Genitori iper-presenti, coach dei propri figli come compensazione alle proprie mancanze
Un contributo dello psicologo Saverio Costantino
martedì 29 gennaio 2019
19.33
Genitori economicamente ansiosi e iper-coinvolti... così la paura della retrocessione sociale intacca l'educazione. Eccesso di stimolazioni, mancanza di libertà per padri e madri come per i loro bambini, aumento del tempo dedicato (tre volte in più rispetto agli anni settanta) e dominio del modello "imprenditoriale". Il New York Times e noi della Gazzetta del Mezzogiorno modestamente, lanciamo una provocazione:
"E se l'educazione di oggi fosse dannosa per il futuro delle generazioni future?" Di fatto osservare alcuni fenomeni non prescinde dal dato culturale e territoriale; i nostri centri piccoli e ancora basati sulla validità delle relazioni consentono a noi genitori e ai nostri figli di vivere con serenità una certa autonomia che, metaforicamente e realmente, passa dal camminare soli al dirigersi in qualsiasi luogo senza necessariamente vedere la classica scena del genitore che li conduce in auto o li segue a distanza.

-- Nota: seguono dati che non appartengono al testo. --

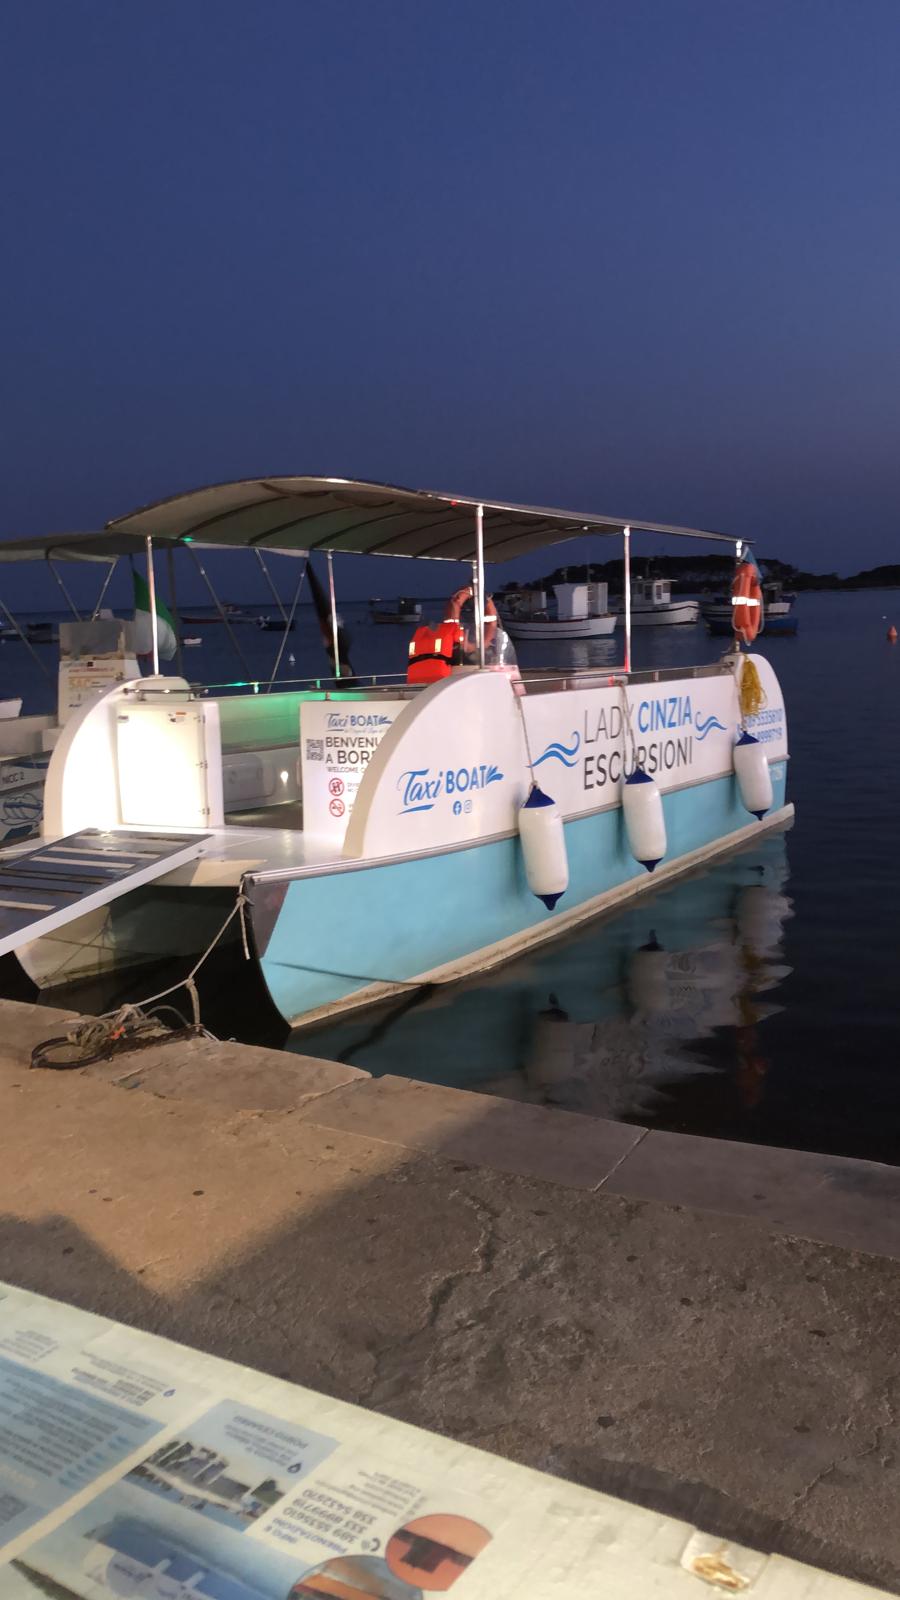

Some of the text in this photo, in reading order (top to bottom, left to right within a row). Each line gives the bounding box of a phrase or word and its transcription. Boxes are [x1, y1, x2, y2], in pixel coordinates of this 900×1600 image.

[325, 713, 379, 728] Taxi BOAT
[584, 695, 692, 743] LADY CINZIA
[325, 750, 375, 764] A BOR
[583, 736, 692, 790] ESCURSIONI
[397, 765, 487, 807] Taxi BOAT

Dalla metafora nasce il tema della scelta e della motivazione al "fare o non fare" e quello che dico va ben oltre la classica, ma vera affermazione "noi giocavamo per strada…", si infila nelle ossa del desiderare e dello scegliere; io amo insomma semplificare, anche perché il lettore deve sentire leggero l'accesso al tema. Un bambino che, per esempio, esprime la timida volontà di giocare a calcio vede immediatamente il proprio genitore comprare il completino, iscriverlo alla scuola calcio, raccomandarsi con l'allenatore perché abbia un occhio di riguardo per quel figlio che di sicuro sarà una promessa del calcio; non finisce qui, perché dopo l'ora di faticosa attività fisica spesso la mamma integra le energie spese con una buona merendina e così magari dopo sei mesi, nella migliore delle ipotesi, il bambino sente esaurita questa motivazione per esprimerne subito dopo un'altra, verso le arti marziali più strane del mondo e così via all'infinito.

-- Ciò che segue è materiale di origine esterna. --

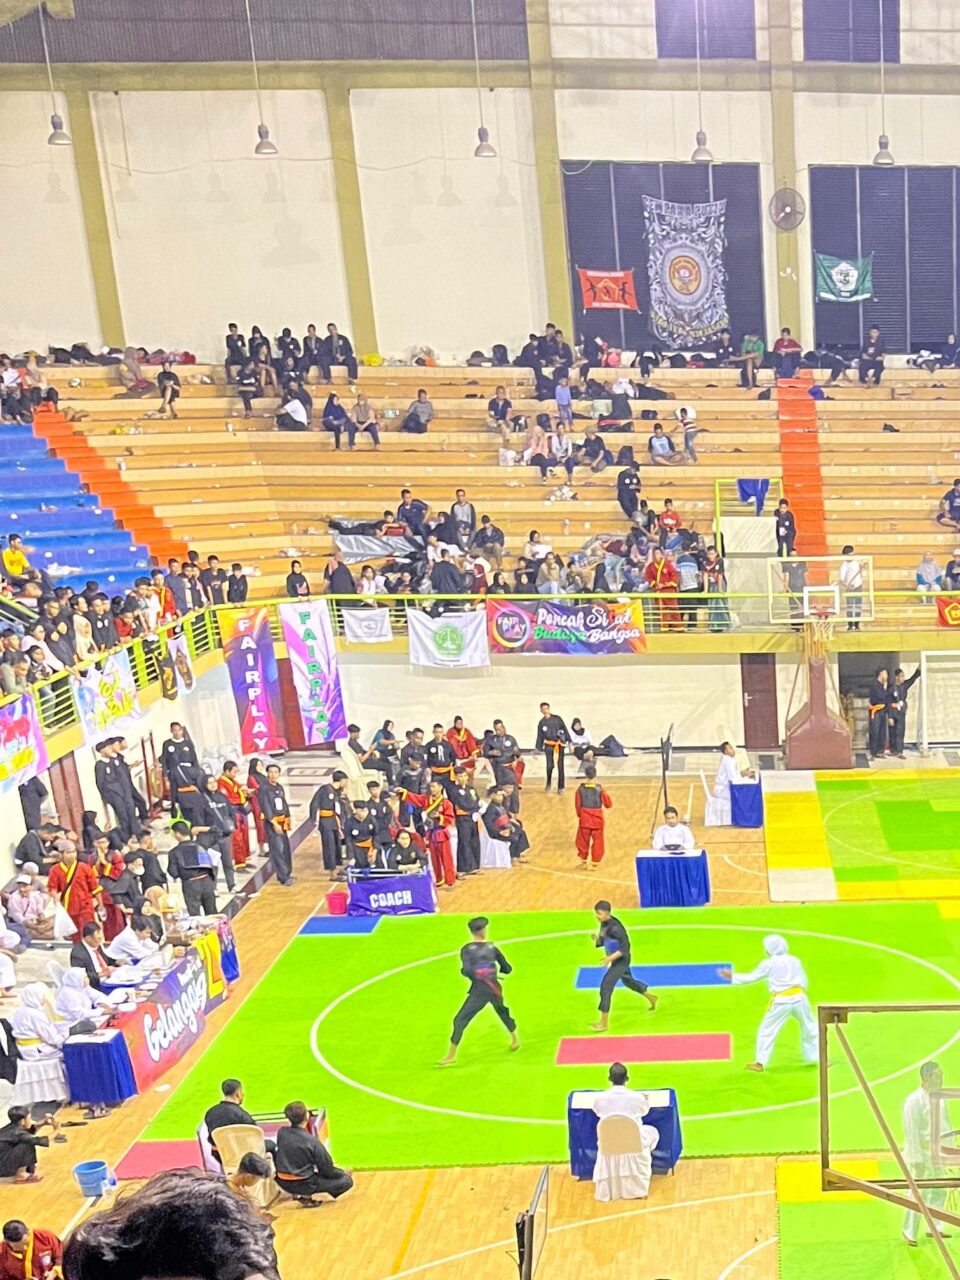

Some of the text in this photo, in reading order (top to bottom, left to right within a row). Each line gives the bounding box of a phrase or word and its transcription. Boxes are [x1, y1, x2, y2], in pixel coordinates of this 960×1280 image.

Noi genitori presenti con loro e spesso per loro, al loro posto, avanti a loro… provate a pensarlo per la scuola e per ogni altro ambito dello scibile umano. Noi genitori troppo concentrati sui nostri figli, sempre in allerta a prevenire quelle che potrebbero essere le loro infelicità: una fatica davvero immane che può sfociare in un vero e proprio senso di colpa se i nostri sforzi non vengono riconosciuti o non portano i frutti sperati. Spesso siamo convinti che i nostri figli abbiano diritto alla "felicità assoluta", sentendocene perciò responsabili. È questa una condizione emotivamente sfiancante e sempre più costosa, anche in termini di denaro. Crescere figli oggi comporta un investimento di risorse economiche e psicologiche che però spesso rischia di essere persino controproducente.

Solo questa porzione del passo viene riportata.